** Required action **
Could you transcribe all the entries exactly, omitting the pictures?

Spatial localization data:
★ ★ ★ ★ ★

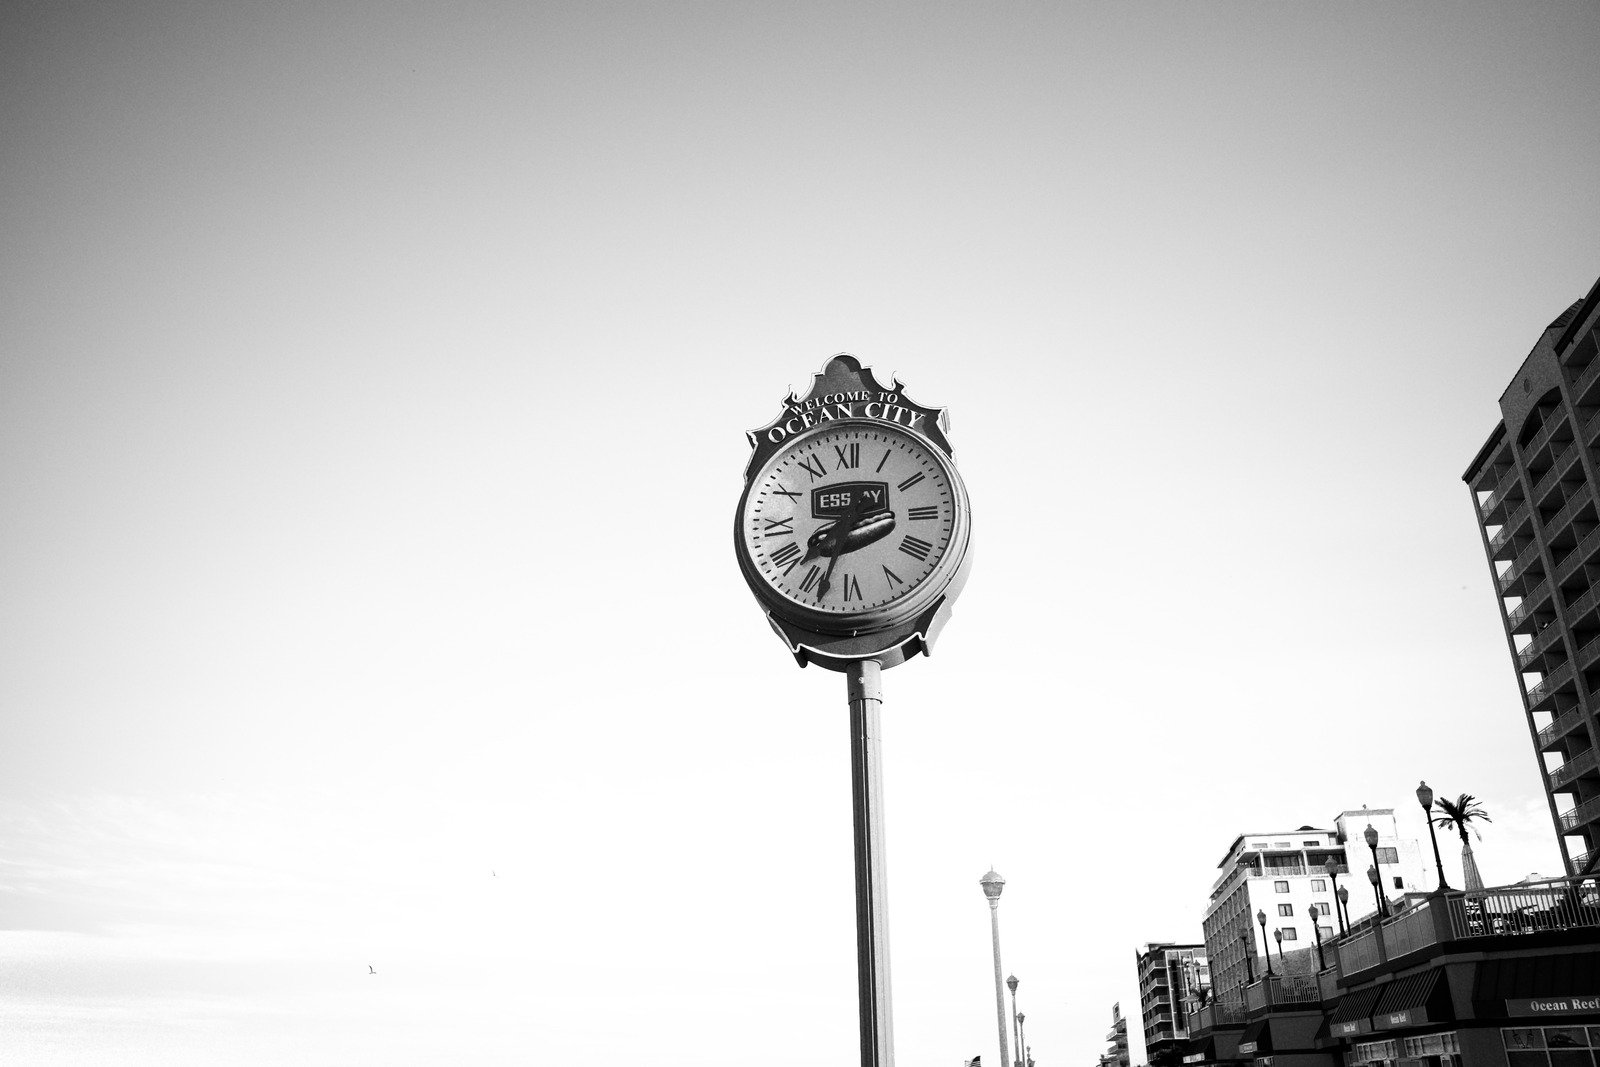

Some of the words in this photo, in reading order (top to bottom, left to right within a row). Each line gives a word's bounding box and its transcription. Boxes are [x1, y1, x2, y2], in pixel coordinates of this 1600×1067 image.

[790, 390, 870, 416] WELCOME
[878, 391, 898, 404] TO
[767, 402, 853, 443] OCEAN
[864, 402, 926, 428] CITY
[798, 453, 827, 483] XI
[834, 443, 859, 470] XII
[897, 471, 926, 492] II
[773, 483, 802, 504] X
[820, 489, 881, 508] ESSY
[908, 505, 939, 521] III
[764, 517, 793, 537] IX
[844, 573, 863, 602] VI
[882, 564, 904, 590] V
[1530, 1001, 1568, 1011] Ocean
[1571, 998, 1600, 1009] Reef

★ ★ ★ ★ ★

** Task answer **
Some of the words in this photo, in reading order (top to bottom, left to right within a row). Each line gives a word's bounding box and its transcription. Boxes are [x1, y1, x2, y2], in pixel coordinates of this 1600×1067 image.

[790, 390, 870, 416] WELCOME
[878, 391, 898, 404] TO
[767, 402, 853, 443] OCEAN
[864, 402, 926, 428] CITY
[798, 453, 827, 483] XI
[834, 443, 859, 470] XII
[897, 471, 926, 492] II
[773, 483, 802, 504] X
[820, 489, 881, 508] ESSY
[908, 505, 939, 521] III
[764, 517, 793, 537] IX
[844, 573, 863, 602] VI
[882, 564, 904, 590] V
[1530, 1001, 1568, 1011] Ocean
[1571, 998, 1600, 1009] Reef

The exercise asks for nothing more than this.